By Lucas Klein
Modern Chinese Literature and Culture, vol. 30, no.2 (Fall 2018), pp. 141-172
Is Hong Kong poetry Chinese poetry, poetry in Chinese, Sinophone poetry, or something else? For that matter, what is the relationship between Sinophone literature and Chinese literature? Scholars have often called on Gilles Deleuze and Félix Guattari’s notion of “minor literature” to explain, expand, and expound upon the concept of the Sinophone. But if the proper –phone of Hong Kong literature is not Mandarin but Cantonese, then D & G’s specification that a “minor literature doesn’t come from a minor language” but is instead what “a minority constructs within a major language” should both raise doubts about the applicability of the Sinophone designation to writing from Hong Kong and open up new possibilities for thinking about a Sinophone literature written by non-minority writers from mainland China.
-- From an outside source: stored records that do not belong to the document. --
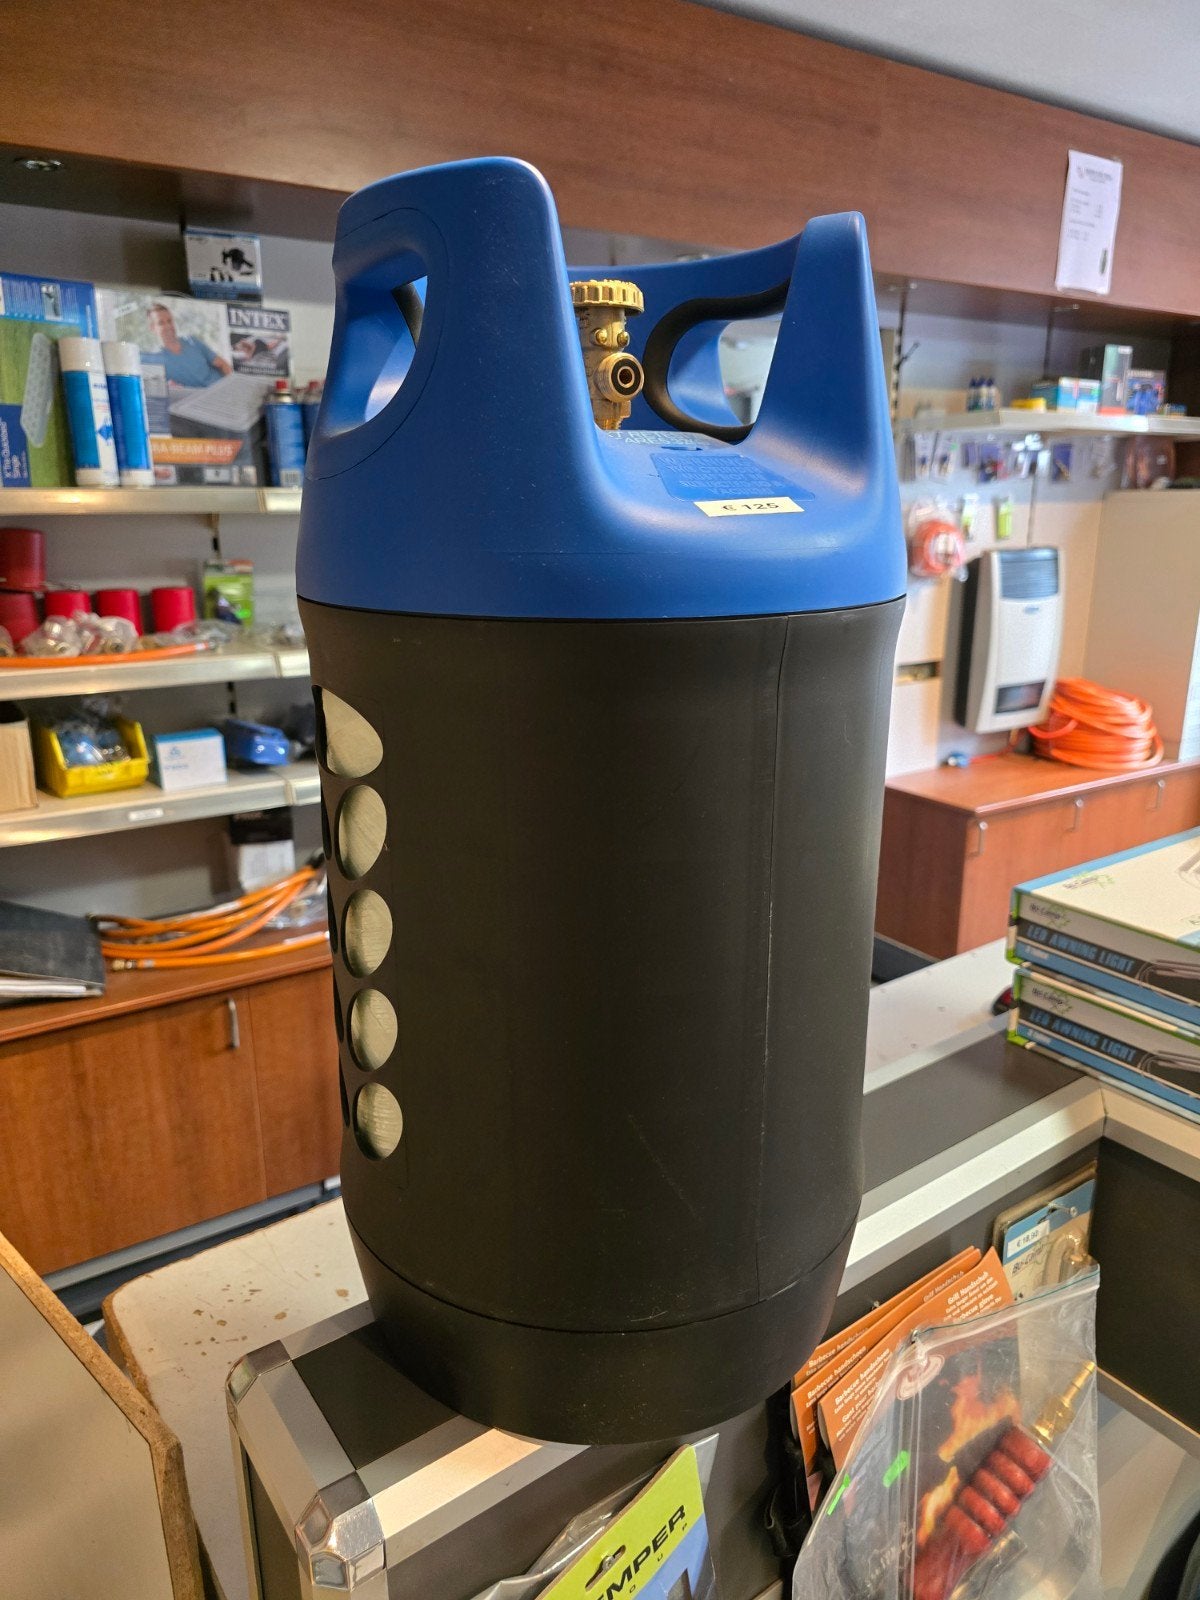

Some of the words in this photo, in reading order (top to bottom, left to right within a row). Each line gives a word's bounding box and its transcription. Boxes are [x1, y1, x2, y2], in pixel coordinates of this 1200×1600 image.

[229, 308, 287, 329] INTEX
[741, 502, 780, 510] 125
[1027, 924, 1049, 942] LED
[1049, 934, 1099, 961] AWNING
[1099, 949, 1135, 972] LIGHT
[1028, 1007, 1051, 1026] LED
[1051, 1017, 1100, 1047] AWNING
[1100, 1038, 1137, 1062] LIGHT
[947, 1292, 960, 1305] Grill
[960, 1271, 989, 1296] Handschuh
[809, 1349, 836, 1368] Barbecue
[808, 1374, 834, 1399] Barbecue
[835, 1379, 860, 1405] Barbecue
[842, 1407, 855, 1422] Gant
To that end, this paper reads the recent work of Hong Kong-based poet Cao Shuying 曹疏影 (b. 1979), a woman raised in Harbin who writes in Mandarin, and her husband, Liu Waitong (Liao Weitang) 廖偉棠 (b. 1975), who grew up in Zhuhai, writes in both Mandarin and Cantonese, and has gained prominence in Hong Kong as a cultural commentator and public intellectual. Looking in particular at Liu’s poem “Over the Counter-Revolution” 鳩嗚之詩, written in the aftermath of the 2014 Umbrella Movement, and Cao’s 2012 poem “Hong Kong” 香港 (from which the title of this paper is derived), it discusses how their engagements and positioning vis-à-vis the broader circles of Hong Kong and mainland poetry and their dialogues with the traditions of Chinese literature offer answers and visions for the Sinophone status of Hong Kong writing and the possibility of a minor mainland literature that could satisfy the Sinophone. The paper ends with a consideration of the Sinophone vis-à-vis another of Deleuze and Guattari’s influential concepts, the rhizome.